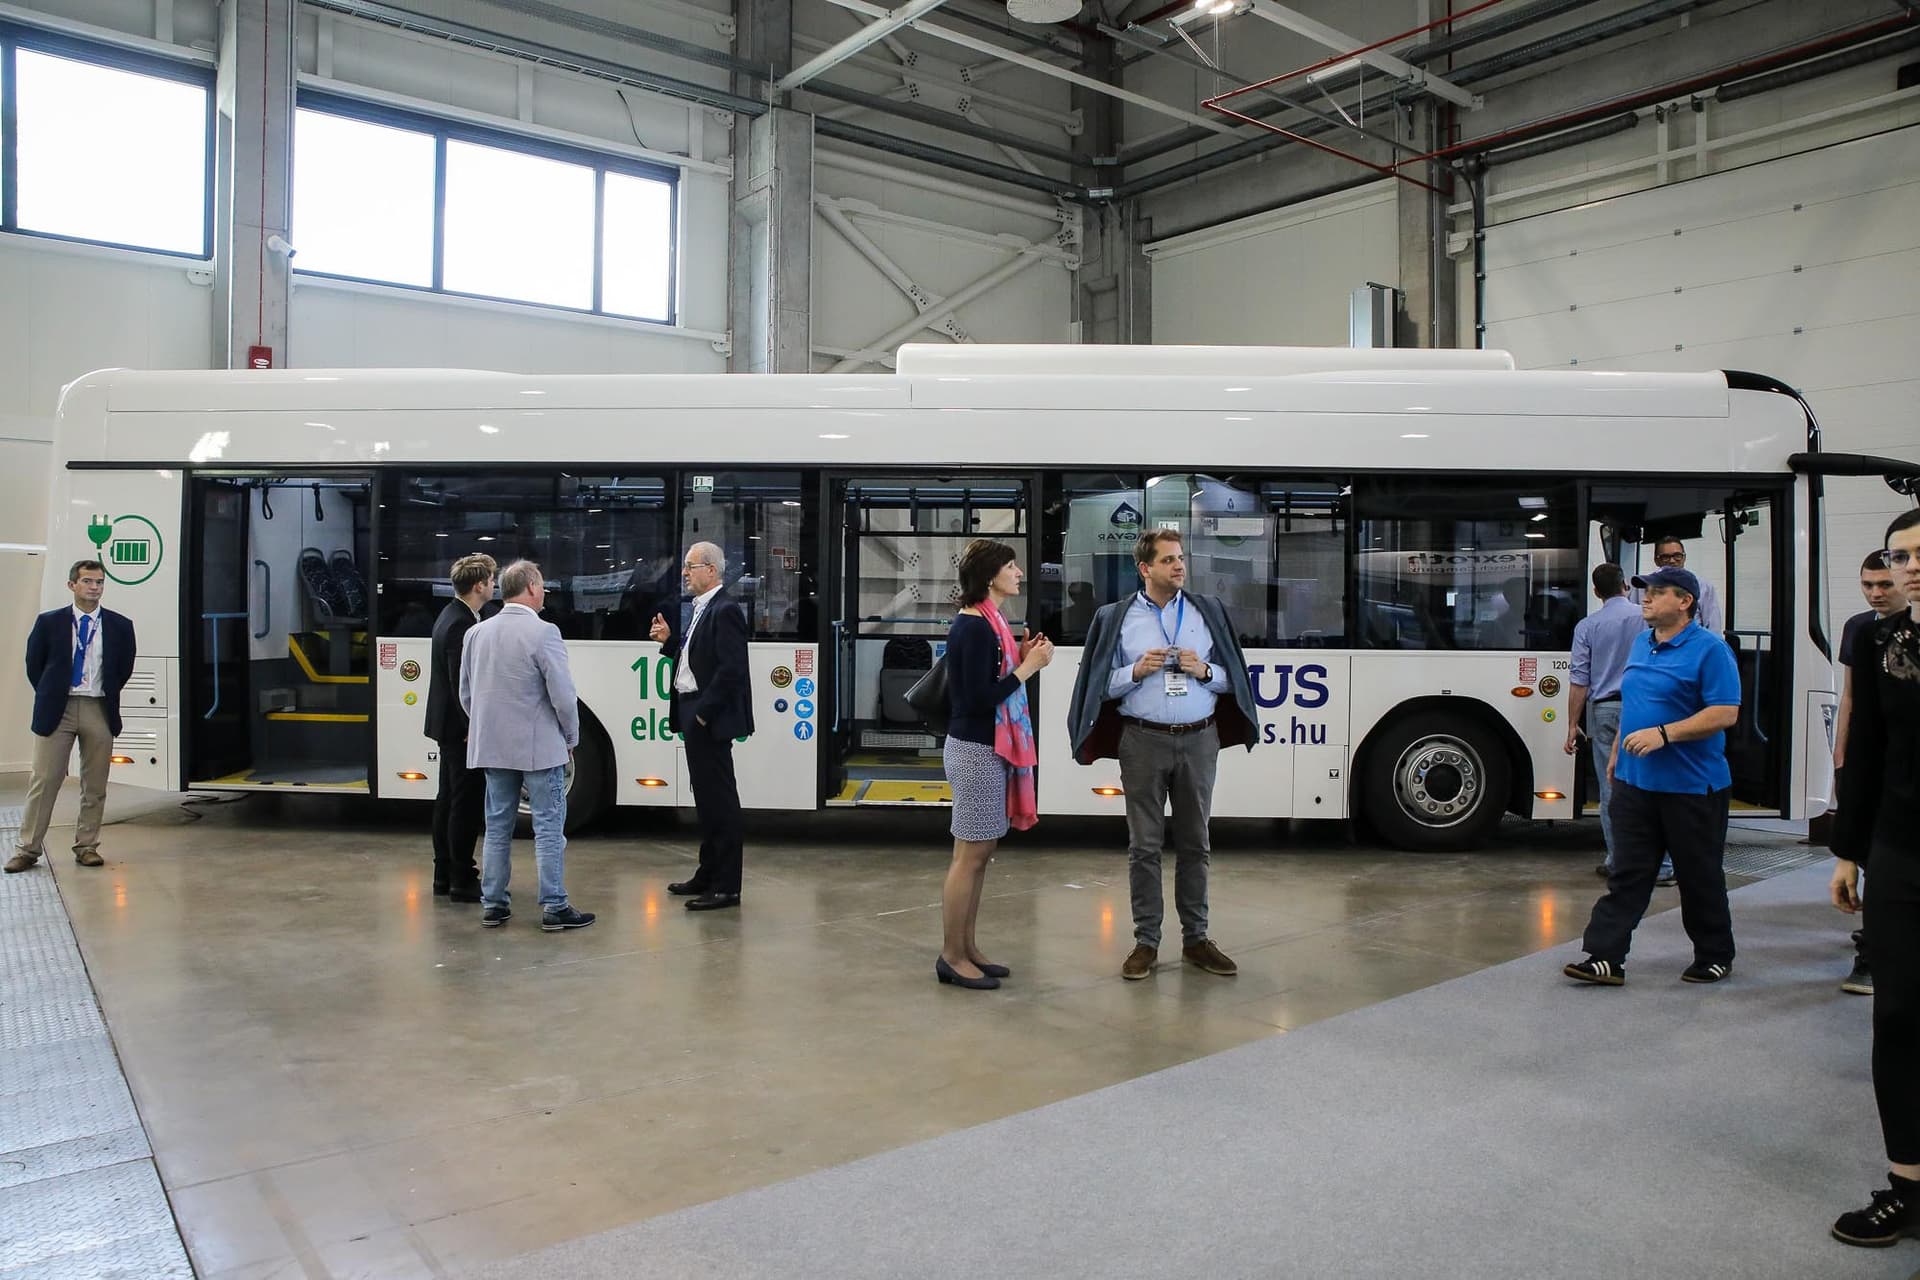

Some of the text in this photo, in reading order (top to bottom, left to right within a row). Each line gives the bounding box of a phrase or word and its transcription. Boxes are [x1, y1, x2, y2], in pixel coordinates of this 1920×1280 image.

[631, 656, 673, 700] 10
[1247, 664, 1329, 709] US
[1262, 716, 1326, 744] s.hu
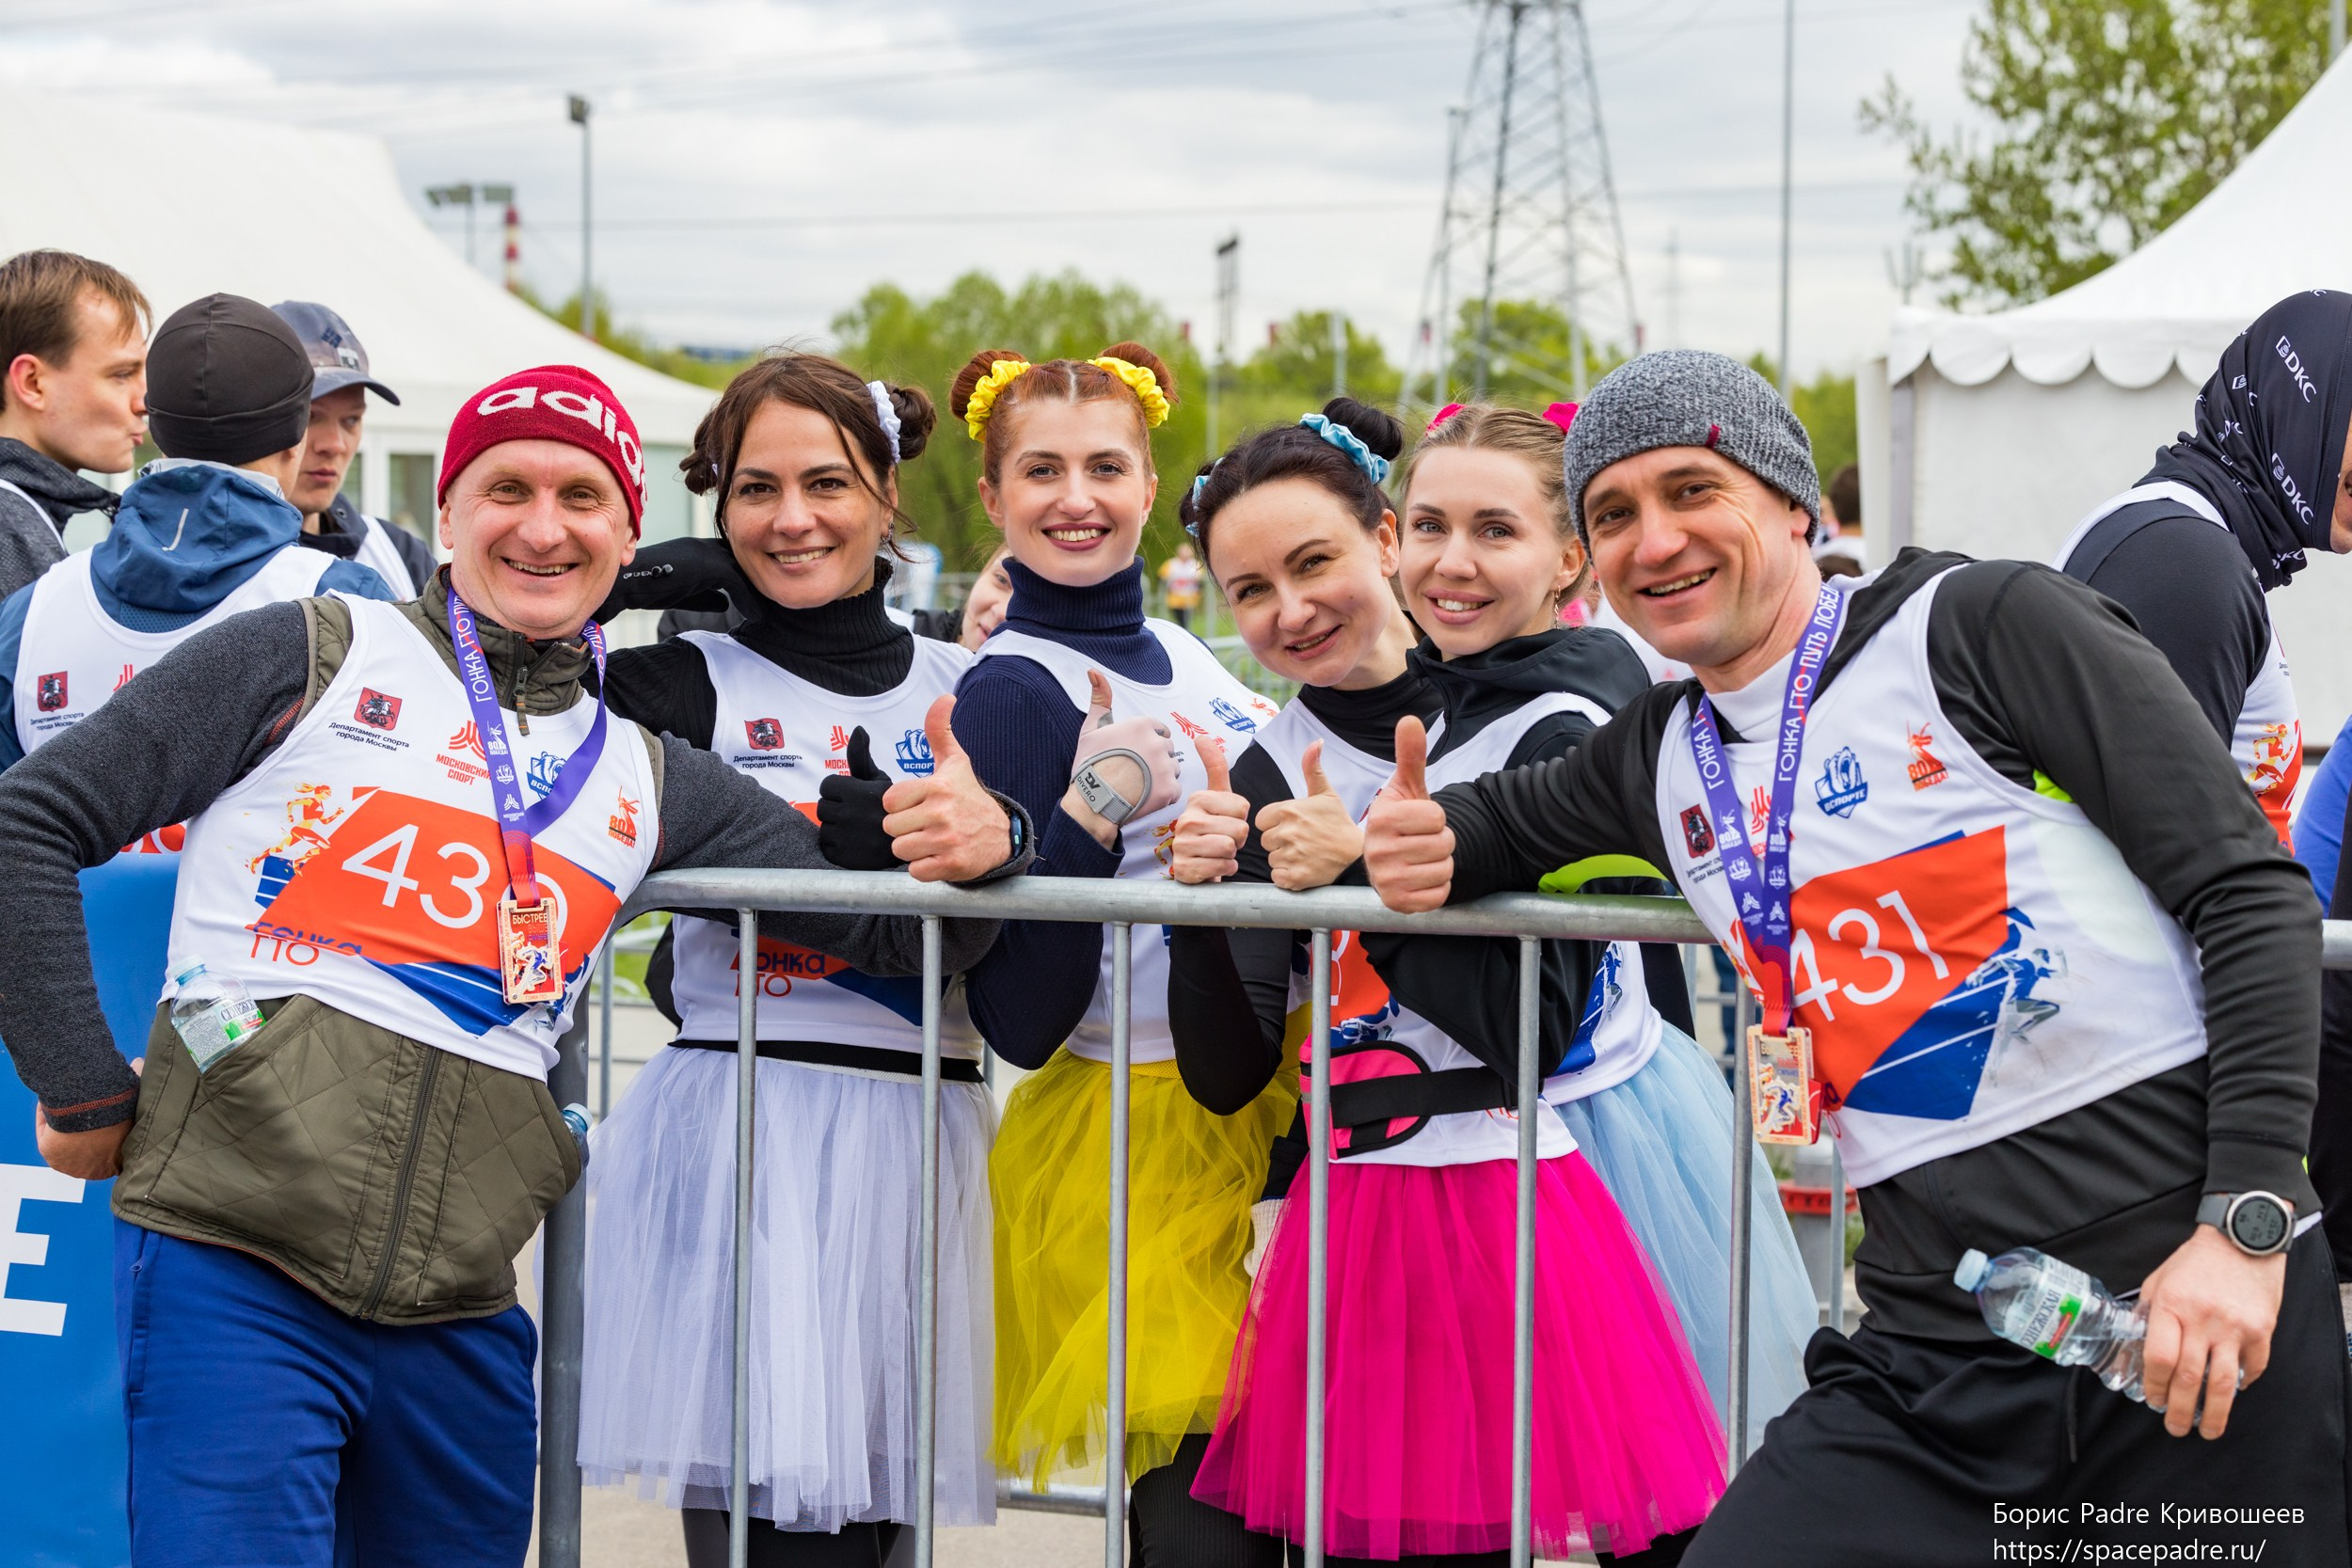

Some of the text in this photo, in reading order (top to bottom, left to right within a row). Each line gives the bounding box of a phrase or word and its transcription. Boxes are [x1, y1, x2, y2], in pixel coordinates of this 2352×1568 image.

[2284, 351, 2317, 403] DKC
[2281, 475, 2314, 525] DKC
[454, 594, 492, 703] ГОНКА ГТО ПУТ
[1799, 632, 1828, 668] ПУТЬ
[1788, 673, 1812, 709] ГТО
[329, 721, 410, 748] Департамент спорта
[335, 730, 397, 752] города Москвы
[733, 754, 779, 764] Департамент
[1693, 727, 1725, 790] ГОНКА
[1778, 717, 1803, 782] ГОНКА
[447, 769, 476, 786] СПОРТ
[1907, 760, 1929, 780] 80
[1076, 776, 1097, 803] DIVERO
[1824, 788, 1866, 812] ВСПОРТЕ
[609, 815, 627, 832] 80
[608, 829, 636, 848] ПОБЕДА!
[251, 934, 319, 966] ГТО
[1794, 890, 1950, 1022] 431
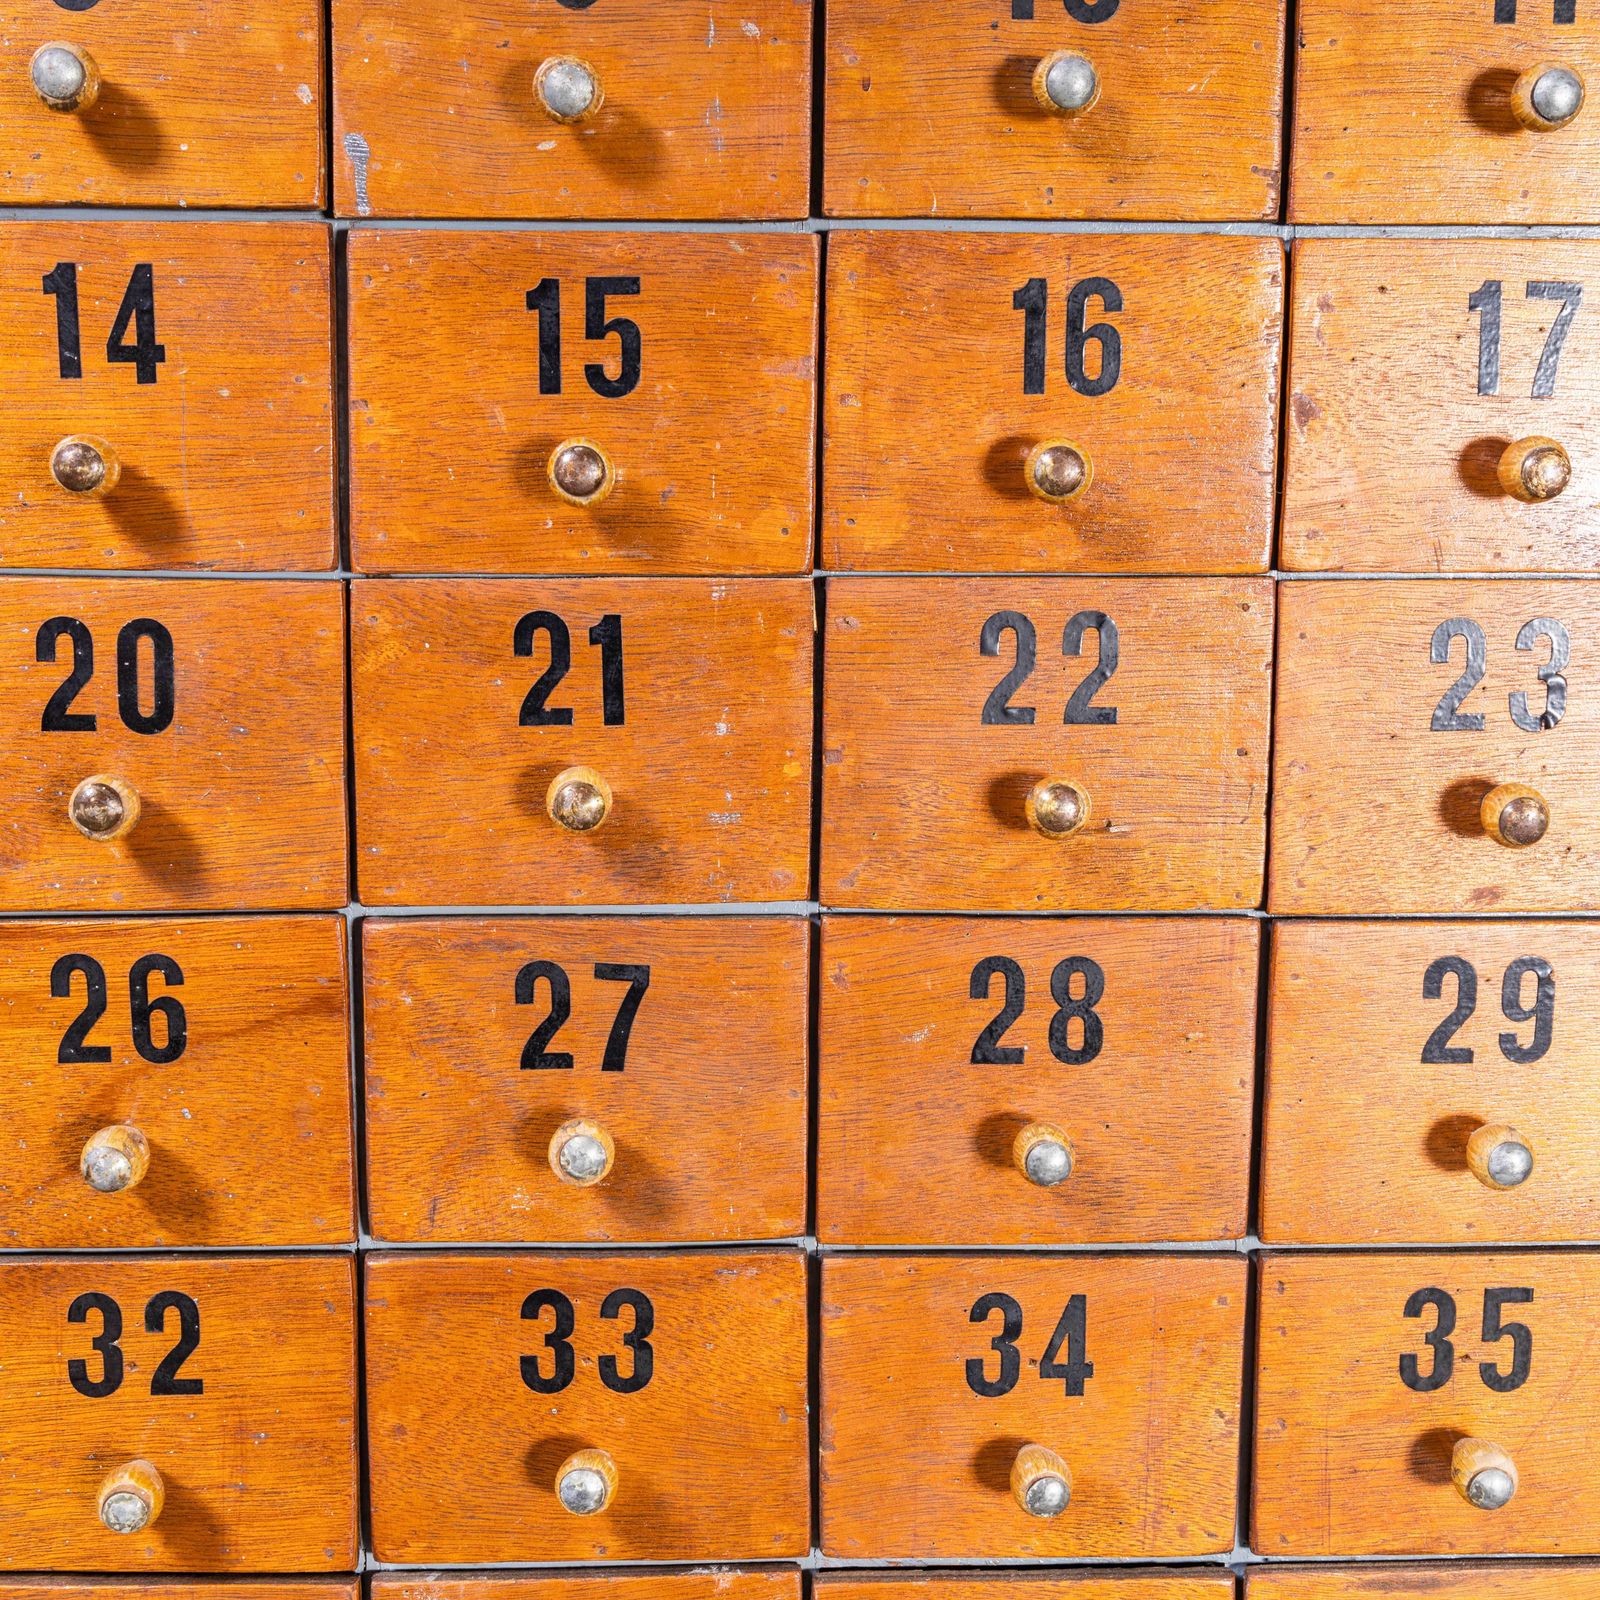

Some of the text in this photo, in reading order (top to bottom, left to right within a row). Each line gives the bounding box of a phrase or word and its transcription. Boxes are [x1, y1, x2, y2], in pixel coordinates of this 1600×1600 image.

[42, 262, 165, 384] 14
[525, 276, 641, 398] 15
[1012, 277, 1123, 396] 16
[1468, 280, 1583, 398] 17
[35, 616, 174, 735] 20
[513, 610, 625, 726] 21
[979, 610, 1119, 725] 22
[1428, 617, 1569, 732] 23
[50, 953, 187, 1064] 26
[514, 959, 651, 1072] 27
[969, 955, 1105, 1065] 28
[1420, 956, 1556, 1064] 29
[67, 1290, 204, 1398] 32
[519, 1288, 654, 1394] 33
[965, 1292, 1093, 1397] 34
[1399, 1287, 1534, 1392] 35
═══
**PROBLEM**. Please transcribe exactly the line containing "this 1600×1600 image." and every line after it through the end of the records, and nothing else.

**RESULT OF THIS TASK**.
Some of the text in this photo, in reading order (top to bottom, left to right within a row). Each line gives the bounding box of a phrase or word and its transcription. Boxes are [x1, y1, x2, y2], in pixel coordinates of this 1600×1600 image.

[42, 262, 165, 384] 14
[525, 276, 641, 398] 15
[1012, 277, 1123, 396] 16
[1468, 280, 1583, 398] 17
[35, 616, 174, 735] 20
[513, 610, 625, 726] 21
[979, 610, 1119, 725] 22
[1428, 617, 1569, 732] 23
[50, 953, 187, 1064] 26
[514, 959, 651, 1072] 27
[969, 955, 1105, 1065] 28
[1420, 956, 1556, 1064] 29
[67, 1290, 204, 1398] 32
[519, 1288, 654, 1394] 33
[965, 1292, 1093, 1397] 34
[1399, 1287, 1534, 1392] 35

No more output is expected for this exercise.